定國公走進院子。多少年沒跨入過這地方一步,今日卻來了。看到眼前那株梅樹,記憶便像潮水一般涌上心頭,這株梅是自己和棠兒的孃親一起栽的,如今二十多年過去,已有臂粗。不知兒子故意還是巧合所選的住處,讓他對這個至歡至痛的地方遠遠避開。
少有人知道,他身邊的女子中,棠兒的娘是曾讓他付出過最多真心的。也許這麼說有愧於蘭兒的母親,他與她的婚姻就像很多大族裡的人一樣,是父母之命。她比他略大兩歲,是自己的髮妻,且性情溫婉,他敬愛她尊重她,也全心全意信任她。但棠兒的娘,她的陪嫁丫環,卻是他深愛的女子。可貴在於,他生命中最重要的兩個女人,她們之間的姐妹情誼牢不可破。他曾以爲他是天底下最幸福的男人,直到棠兒出世。
他愛的女人爲這個孩子撒手人寰,愛他的女人臨終前還爲這個孩子對他反覆囑託,他怎能對棠兒喜歡得起來?他失去了知己和愛人,就爲了這麼一個能繼承他的兒子?那麼,他呢?就註定得孤伶伶的老去,身邊連貼心的伴侶都沒有?
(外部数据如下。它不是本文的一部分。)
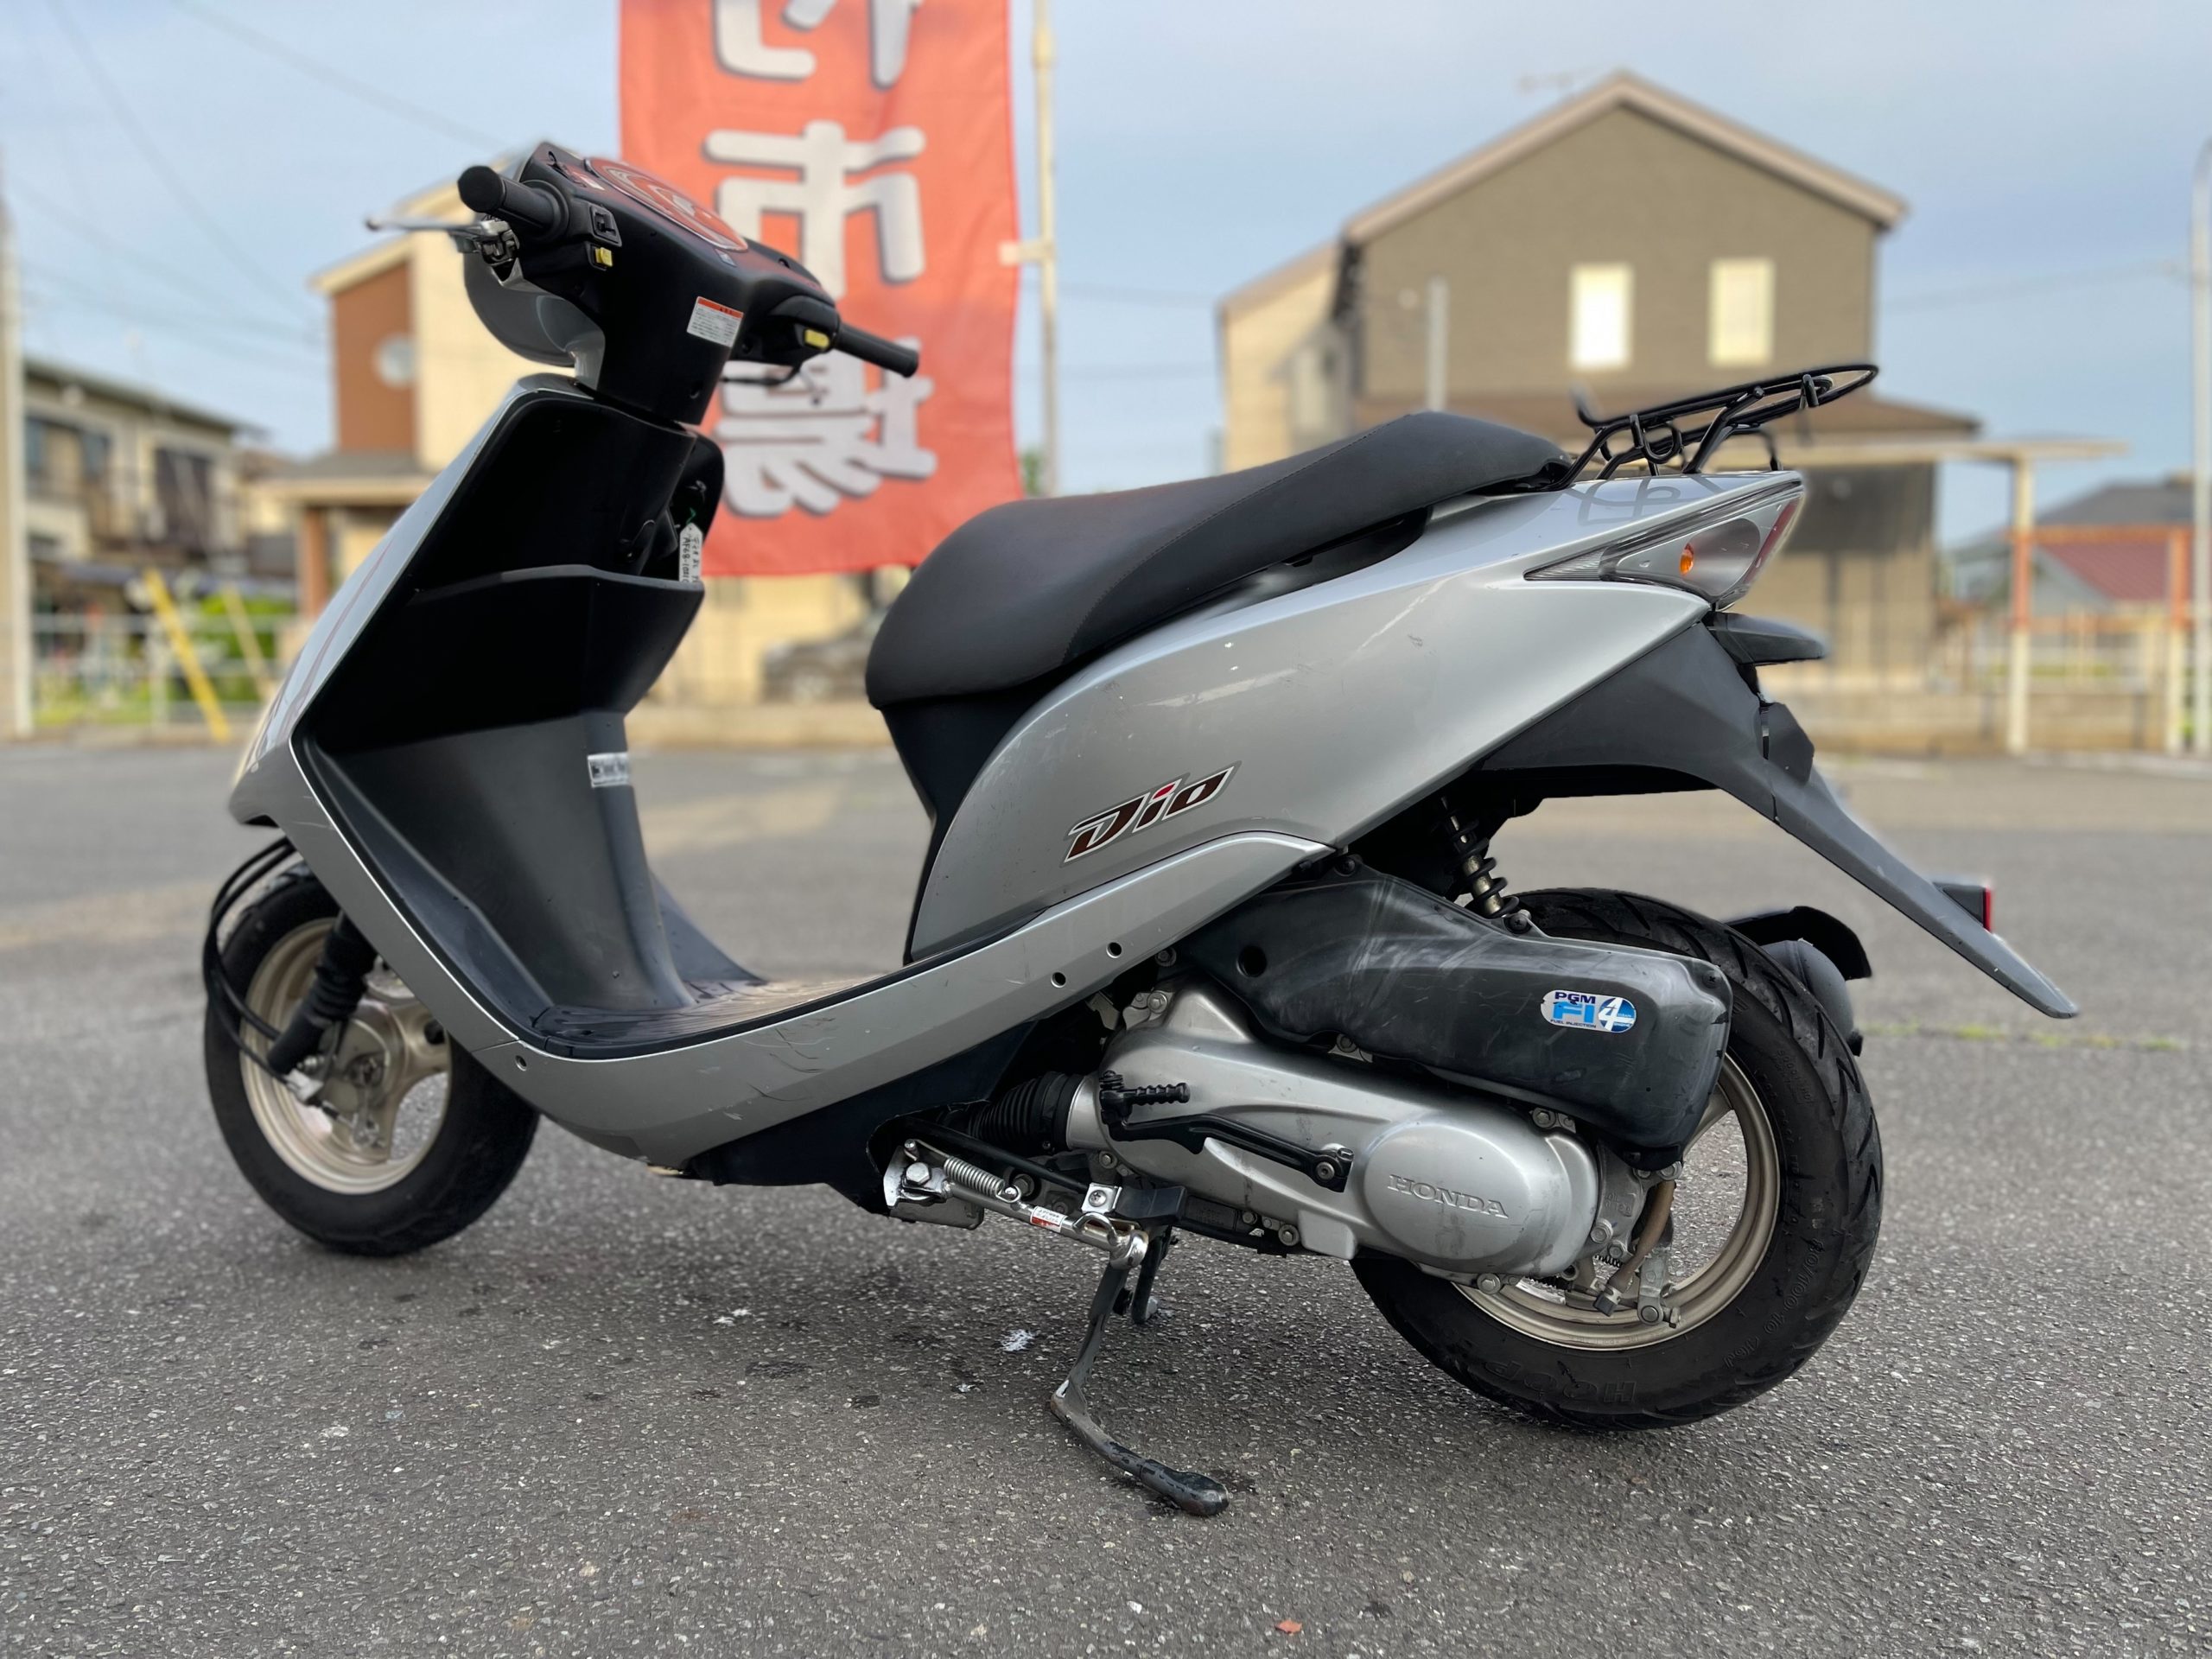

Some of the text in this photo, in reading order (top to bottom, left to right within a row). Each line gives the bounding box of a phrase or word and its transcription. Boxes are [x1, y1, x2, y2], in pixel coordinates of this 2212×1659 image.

他如此恨着,不久便遇到了董瑛。她雖是難得一見的大美人,但他打獵那日沒有爲她驚豔。他答應上門來提親的董父,心中也沒有期盼。後來董瑛進了門,他享受與她的溫情似水,卻再不能以對待前兩個女子那樣,連生命都燒旺了去回報她。一邊是他最在乎的女子們拼命要保全的兒子,一邊是渴望爲他生嫡子的年輕繼室,他突然生出一個念頭。是不是他再多一兩個兒子,他的心裡就不會恨棠兒了?不恨的話,或者有一天他能跟棠兒像真正的父子相處。所以,他甚至比董瑛更渴切再得一子。然而董瑛一直生不出兒子。再度驗證着棠兒克母的命,讓他始終不能和棠兒親近。久而久之,除了冷麪兇相,就不知道怎麼相處了。
他的繼承者只有棠兒。心裡從來沒有遲疑過這一點,但隔閡已根深蒂固,雙方誰都不能先讓一步,成了見一次吵一次的情形。
然而,得知董瑛買兇殺棠兒和櫻兒,他才驚覺自己對於父責的刻意疏冷,造成他完全沒有發現董瑛這個女人的真面目。以國事爲藉口。一年有大半年不在家,一昧將兒女的事推給董瑛照料,導致了無可挽回的悲局。他悔不當初。棠兒的叛逆,櫻兒的怯懦,如果他能多花點心思,多給孩子們一些信任,這個家也許會是另一番景象。
昨夜。他獨自在小丘亭中喝悶酒。本來只是氣獨孤棠不通過他,搶先一步求了皇上的恩典,居然把那個童采蘩帶進了門。後來卻看那座清冷許久的院子燈火升暖,人來人往,令他突然覺得很寂寞。想了一晚上,當得知棠兒傷口化膿高燒昏迷的消息時。決定過來。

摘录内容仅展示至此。